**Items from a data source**
-- Opening Marker --

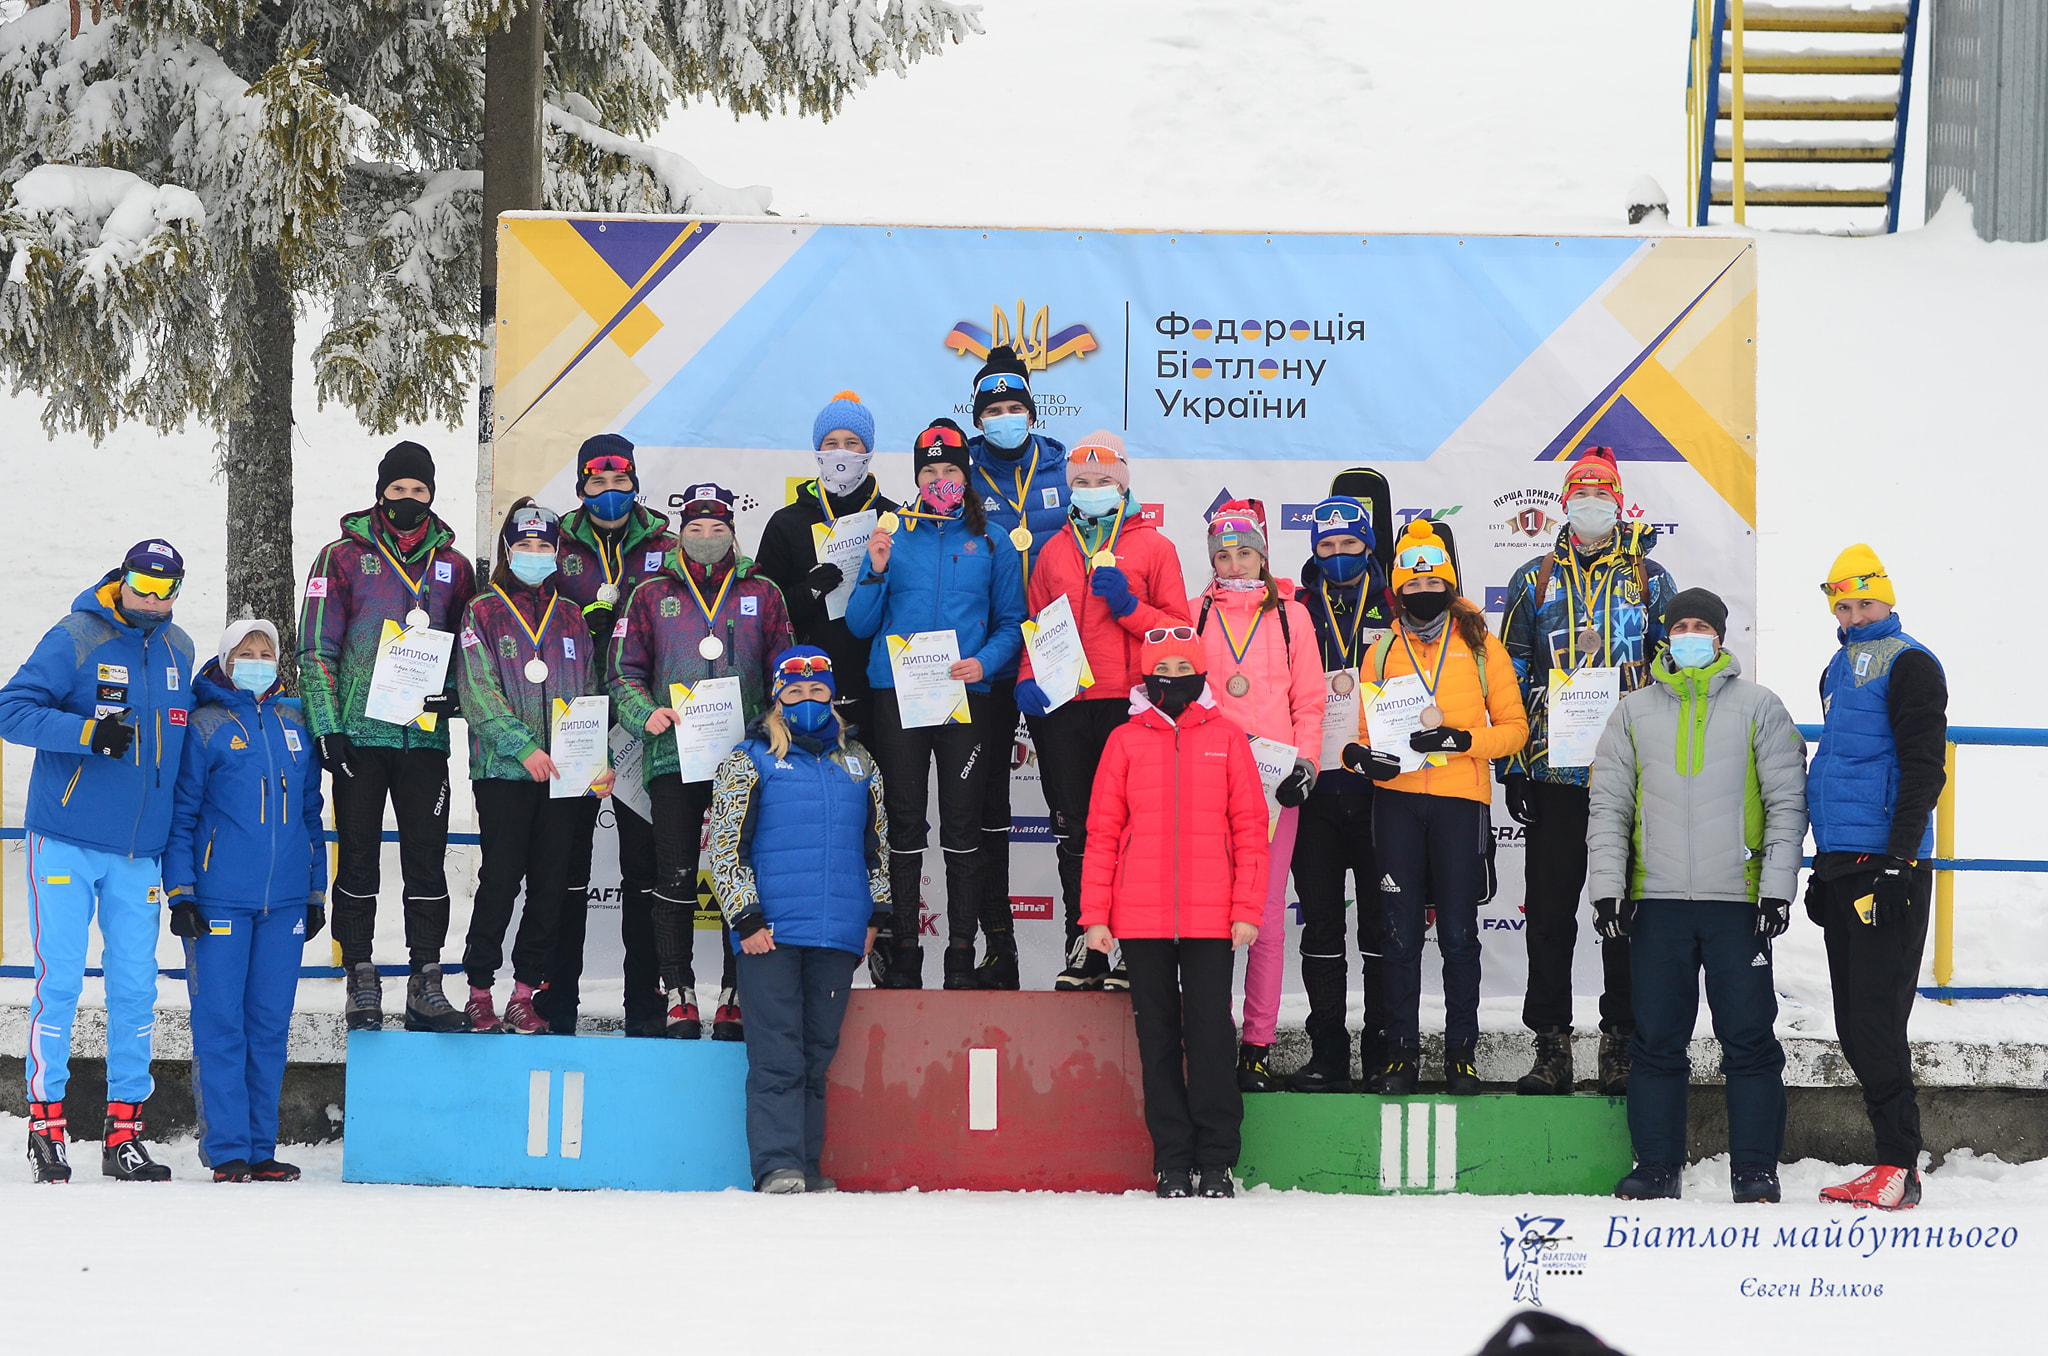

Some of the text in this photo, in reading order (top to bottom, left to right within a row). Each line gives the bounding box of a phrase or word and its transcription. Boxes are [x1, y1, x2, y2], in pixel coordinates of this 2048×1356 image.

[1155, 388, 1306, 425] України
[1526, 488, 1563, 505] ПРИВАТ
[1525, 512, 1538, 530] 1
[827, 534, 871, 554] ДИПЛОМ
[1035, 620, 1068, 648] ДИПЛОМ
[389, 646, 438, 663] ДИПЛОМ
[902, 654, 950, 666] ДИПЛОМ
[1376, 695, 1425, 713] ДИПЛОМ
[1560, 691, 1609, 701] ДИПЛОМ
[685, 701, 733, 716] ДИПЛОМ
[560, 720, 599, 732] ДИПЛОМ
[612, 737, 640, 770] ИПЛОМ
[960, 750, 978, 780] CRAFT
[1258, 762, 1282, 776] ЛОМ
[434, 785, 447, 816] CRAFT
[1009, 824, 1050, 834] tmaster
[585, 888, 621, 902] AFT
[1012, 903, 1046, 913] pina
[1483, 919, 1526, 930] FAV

-- Closing Marker --

Each entry above must be printed exactly, apart from its pictures.

Some of the text in this photo, in reading order (top to bottom, left to right within a row). Each line gives the bounding box of a phrase or word and its transcription. Boxes are [x1, y1, x2, y2], in pixel coordinates of this 2048×1356 image.

[1155, 388, 1306, 425] України
[1526, 488, 1563, 505] ПРИВАТ
[1525, 512, 1538, 530] 1
[827, 534, 871, 554] ДИПЛОМ
[1035, 620, 1068, 648] ДИПЛОМ
[389, 646, 438, 663] ДИПЛОМ
[902, 654, 950, 666] ДИПЛОМ
[1376, 695, 1425, 713] ДИПЛОМ
[1560, 691, 1609, 701] ДИПЛОМ
[685, 701, 733, 716] ДИПЛОМ
[560, 720, 599, 732] ДИПЛОМ
[612, 737, 640, 770] ИПЛОМ
[960, 750, 978, 780] CRAFT
[1258, 762, 1282, 776] ЛОМ
[434, 785, 447, 816] CRAFT
[1009, 824, 1050, 834] tmaster
[585, 888, 621, 902] AFT
[1012, 903, 1046, 913] pina
[1483, 919, 1526, 930] FAV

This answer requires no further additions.